Image-backed grounding data.
※ ※ ※
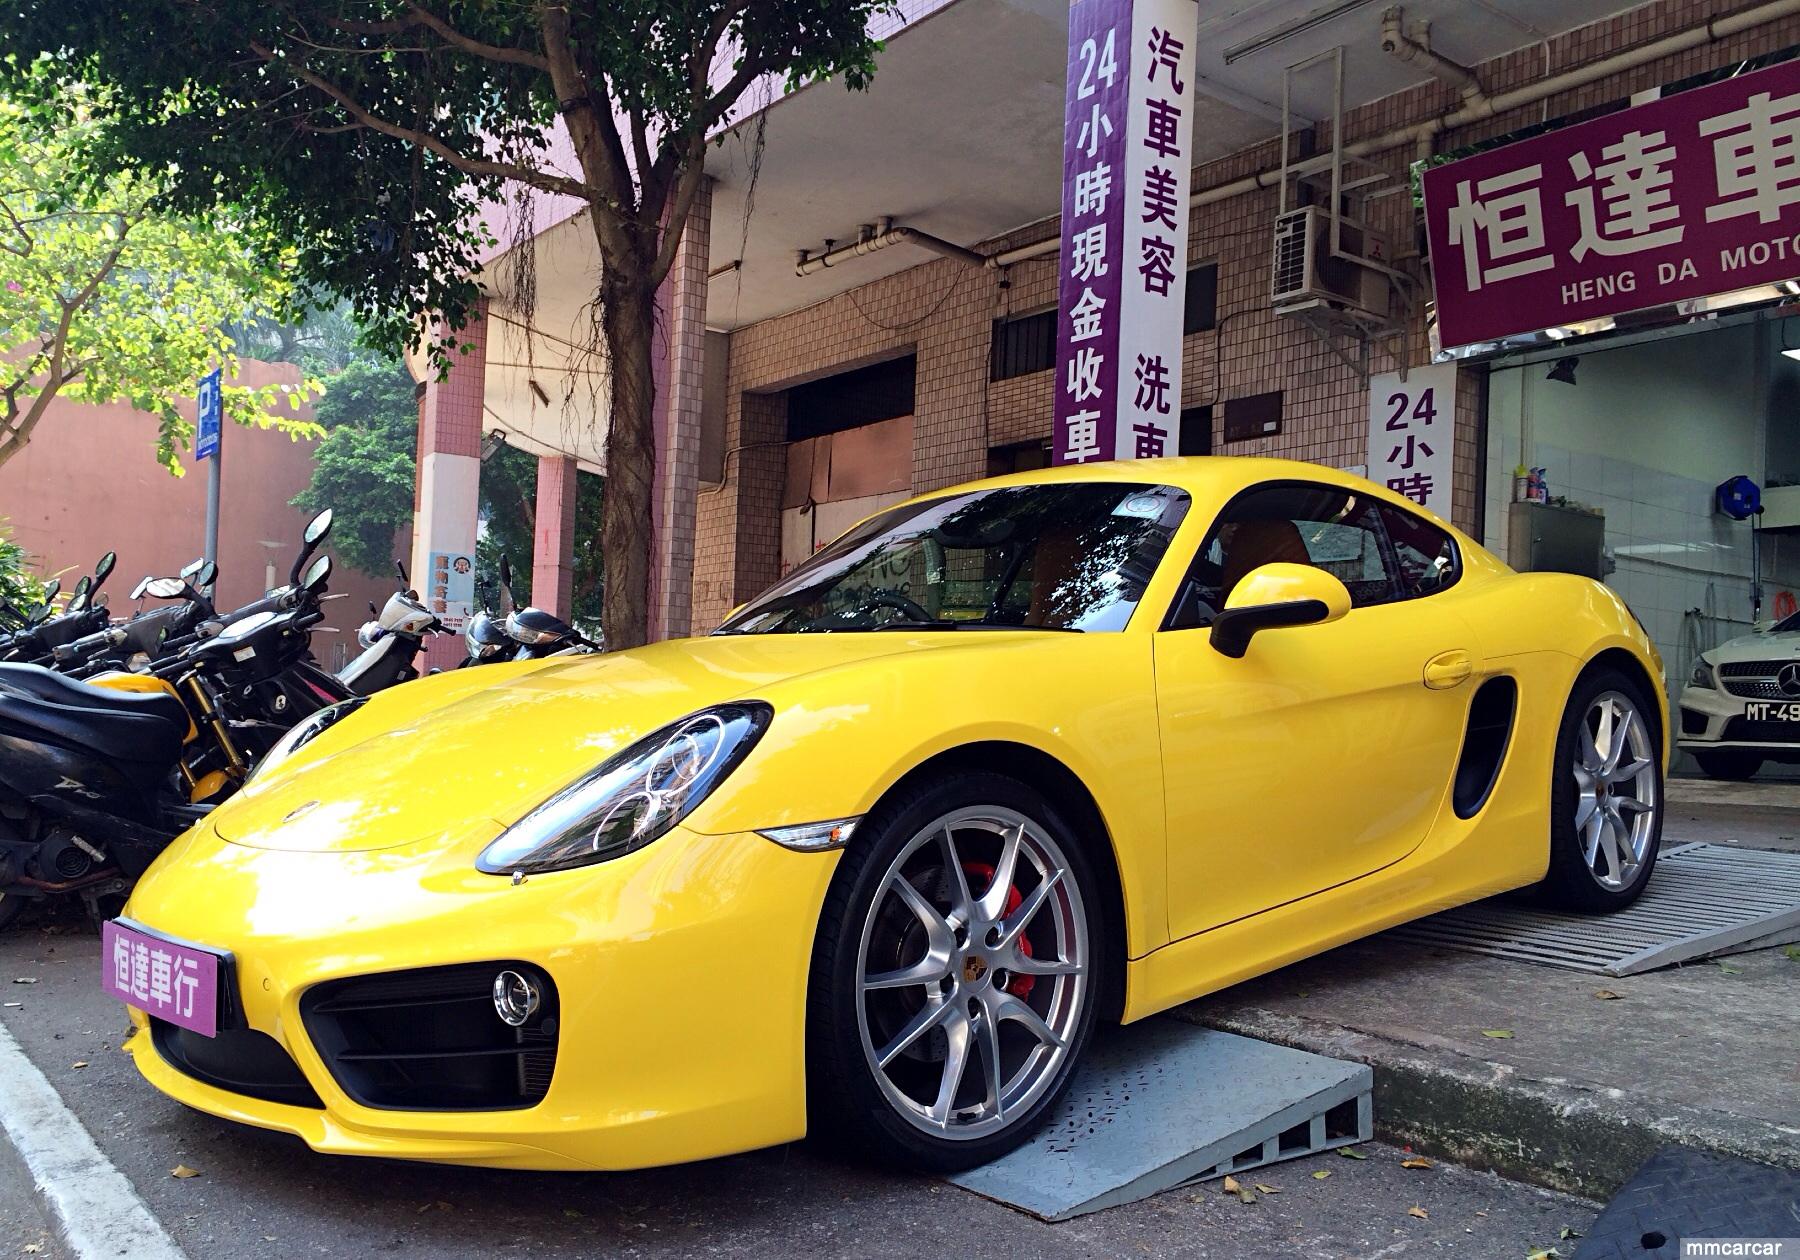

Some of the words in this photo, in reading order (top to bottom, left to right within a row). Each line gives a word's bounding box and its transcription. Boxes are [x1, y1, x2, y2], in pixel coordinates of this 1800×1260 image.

[1138, 26, 1184, 297] 汽車美容
[1448, 91, 1800, 292] 恒達車
[1063, 27, 1116, 464] 24小時現金收車
[1561, 270, 1636, 305] HENG
[1658, 258, 1698, 285] DA
[1132, 353, 1171, 459] 洗車
[1385, 387, 1437, 506] 24小時
[114, 933, 199, 1018] 恒達車行
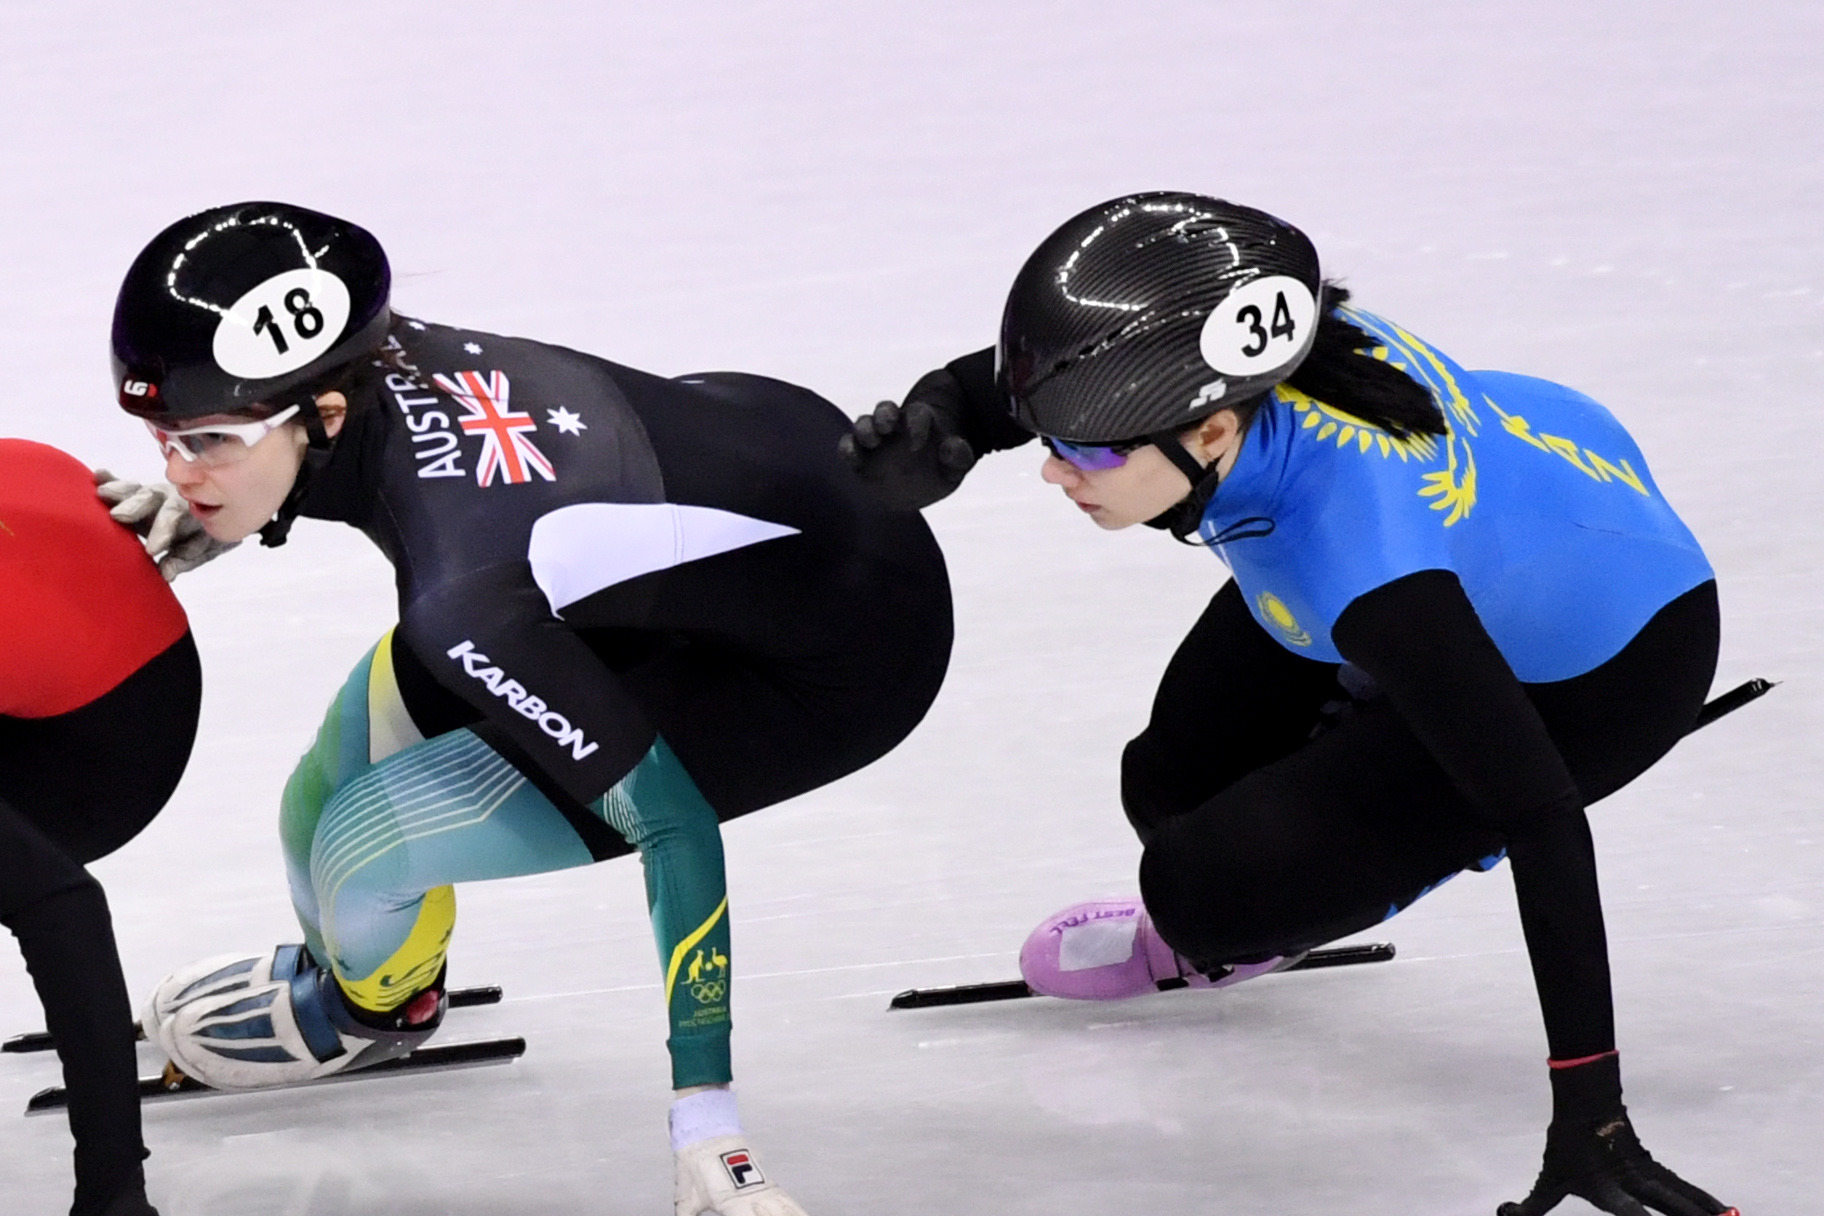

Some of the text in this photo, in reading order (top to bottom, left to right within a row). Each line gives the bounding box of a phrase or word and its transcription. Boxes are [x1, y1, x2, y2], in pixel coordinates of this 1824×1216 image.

[253, 287, 324, 355] 18
[1236, 290, 1295, 357] 34
[1482, 393, 1650, 497] KAZ
[447, 640, 599, 761] KARBON
※ ※ ※
Work task.
Transcribe every line from the records above without alteration, and leave out the images.

The answer.
Some of the words in this photo, in reading order (top to bottom, left to right within a row). Each line gives a word's bounding box and its transcription. Boxes are [x1, y1, x2, y2], in pixel coordinates of this 1800×1260 image.

[1138, 26, 1184, 297] 汽車美容
[1448, 91, 1800, 292] 恒達車
[1063, 27, 1116, 464] 24小時現金收車
[1561, 270, 1636, 305] HENG
[1658, 258, 1698, 285] DA
[1132, 353, 1171, 459] 洗車
[1385, 387, 1437, 506] 24小時
[114, 933, 199, 1018] 恒達車行

Some of the text in this photo, in reading order (top to bottom, left to right within a row). Each line gives the bounding box of a phrase or word and its transcription. Boxes are [x1, y1, x2, y2], in pixel coordinates of this 1824×1216 image.

[253, 287, 324, 355] 18
[1236, 290, 1295, 357] 34
[1482, 393, 1650, 497] KAZ
[447, 640, 599, 761] KARBON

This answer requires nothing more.